We often hear the question, “Why are there not more female artists in the show?” It is a reasonable and pertinent question, however, one that is not so easy to answer. While there were many highly talented female artists over the centuries, it is true that many—save for a few exceptions—were in the shadow of men. This had to do primarily with social conditions and the fact that women were often not allowed to study art in public institutions or to travel all by themselves.
Expressionism in Germany and France: From Van Gogh to Kandinsky, on view in its final week at LACMA, features the work of three female artists who played a crucial role in the birth and evolution of Expressionism in the early 20th century.
Installation view of Expressionism in Germany and France: From Van Gogh to Kandinsky at the Los Angeles County Museum of Art (June 8–September 14, 2014), photo © Museum Associates/LACMA. Middle Left: Paula Modersohn-Becker, Girl with Flower Vases (Mädchen mit Blumenvasen), c. 1907, Von der Heydt-Museum Wuppertal, photo Credit: Erich Lessing/Art Resource, NY
Paula Modersohn-Becker (1876–1907) was an important precursor of Expressionism. Her career was short, but rich in artistic encounters, which helped to forge her unique style characterized by simplicity of form and an intense tonality. She worked in the artists’ colony of Worpswede in northern Germany and was married to painter Otto Modersohn. She first travelled to Paris in 1900, followed by several other stays in the next years, the last one in 1907, just a few months before her death. In Paris, she studied at the Académie Colarossi and the École des Beaux-Arts. She remained relatively unknown during her life, but this changed dramatically with her premature death at age 31. Soon after, her paintings were shown in museums and galleries all over Germany, and a major retrospective was organized.
It was the work of Post-Impressionist artists—in particular that of Paul Cézanne and Paul Gauguin, which Modersohn-Becker saw at exhibitions at the Galerie Vollard and at the Salons—that made the deepest impression on her. Modersohn-Becker was also interested in the Nabis’s Symbolist use of color and the “primitive” style of Henri Rousseau, and while in Paris she visited private collector Gustave Fayet to see his Gauguin collection. Her painting Girl with Flower Vases illustrates how she responded to these sources, combining them in a simple, sophisticated, yet powerful image that uses bold contours to delimitate the large planes of color, abandoning traditional linear perspective and going toward flatness, while also giving a highly original interpretation of the female nude.

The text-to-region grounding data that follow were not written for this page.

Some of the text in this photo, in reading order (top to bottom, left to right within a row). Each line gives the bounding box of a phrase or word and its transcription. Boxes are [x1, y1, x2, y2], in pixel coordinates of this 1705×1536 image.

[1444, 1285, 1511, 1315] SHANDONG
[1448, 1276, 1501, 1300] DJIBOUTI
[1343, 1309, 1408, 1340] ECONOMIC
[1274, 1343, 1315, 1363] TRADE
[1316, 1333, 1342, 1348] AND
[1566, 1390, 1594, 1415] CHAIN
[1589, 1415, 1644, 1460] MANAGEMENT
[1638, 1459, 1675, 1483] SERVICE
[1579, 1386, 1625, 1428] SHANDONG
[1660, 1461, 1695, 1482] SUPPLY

|Gabriele Münter: Jawlensky und Werefkin.|
In 1908, Münter and Kandinsky discovered the alpine village of Murnau and, together with fellow artists Alexei Jawlensky and Marianne Werefkin, they started to spend their summers there. This was a turning point for the group, and Münter found to a unique colorfulness and simplicity in her style. She also became interested in folk art, often using traditional objects as motifs. The canvas Wooden Doll demonstrates how Münter incorporated Fauvist and Post-Impressionist tendencies, which she absorbed during her stay in Paris, into a highly original approach to still-life painting. Münter here abandoned traditional perspective for a flattened surface composed by large zones of primary colors, juxtaposing a traditional wooden doll with household objects and fruits. A few years later, she organized, together with Kandinsky, the first Blaue Reiter exhibition in 1911, where she presented her work alongside his and other German and international avant-garde artists.

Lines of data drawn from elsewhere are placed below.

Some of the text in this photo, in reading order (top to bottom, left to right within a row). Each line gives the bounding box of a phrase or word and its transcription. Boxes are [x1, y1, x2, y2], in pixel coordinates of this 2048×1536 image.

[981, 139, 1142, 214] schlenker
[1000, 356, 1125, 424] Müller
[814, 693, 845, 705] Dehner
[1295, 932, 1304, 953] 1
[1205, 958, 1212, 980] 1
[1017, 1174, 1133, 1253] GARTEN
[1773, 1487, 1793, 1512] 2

|Installation view of Expressionism in Germany and France: From Van Gogh to Kandinsky at the Los Angeles County Museum of Art (June 8–September 14, 2014), photo © Museum Associates/LACMA.|
The third female artist featured in the exhibition is Marianne Werefkin (1860–1938), who received her initial artistic training in her native Russia and quickly became famous; she was even regarded as the “Russian Rembrandt.” Werefkin met fellow Russian artist Alexei Jawlensky and came with him to Germany in 1896, settling in Munich. There, she started to host a famous salon, where many avant-garde painters, writers, musicians, and art historians gathered to discuss new artistic theories. Werefkin became one of the founding members of the Neue Künstlervereinigung München (New Artists Association of Munich, or NKVM) and was closely associated with the Blaue Reiter group, founded by Kandinsky, Franz Marc, and Münter. Her color palette had been influenced by her summers in the Bavarian alpine village of Murnau, where she worked alongside Jawlensky, Kandinsky, and Münter. She had also become interested in the highly symbolist use of color, which she saw on her frequent visits to France with Jawlensky, by both the Nabis artist group and Paul Gauguin. In her painting Corpus Christi, Werefkin gives a highly spiritual character to the landscape through intensely contrasting colors rendered in vivacious brushstrokes.
You have until September 14 to see the work of these three remarkable artists in Expressionism in Germany and France. And to discover even more female artists in the permanent collection, visit the installation The Written Image, which features a lithograph by Käthe Kollwitz, who was one of the most important avant-garde artists in early 20th-century Germany and was active as a printmaker and sculptor.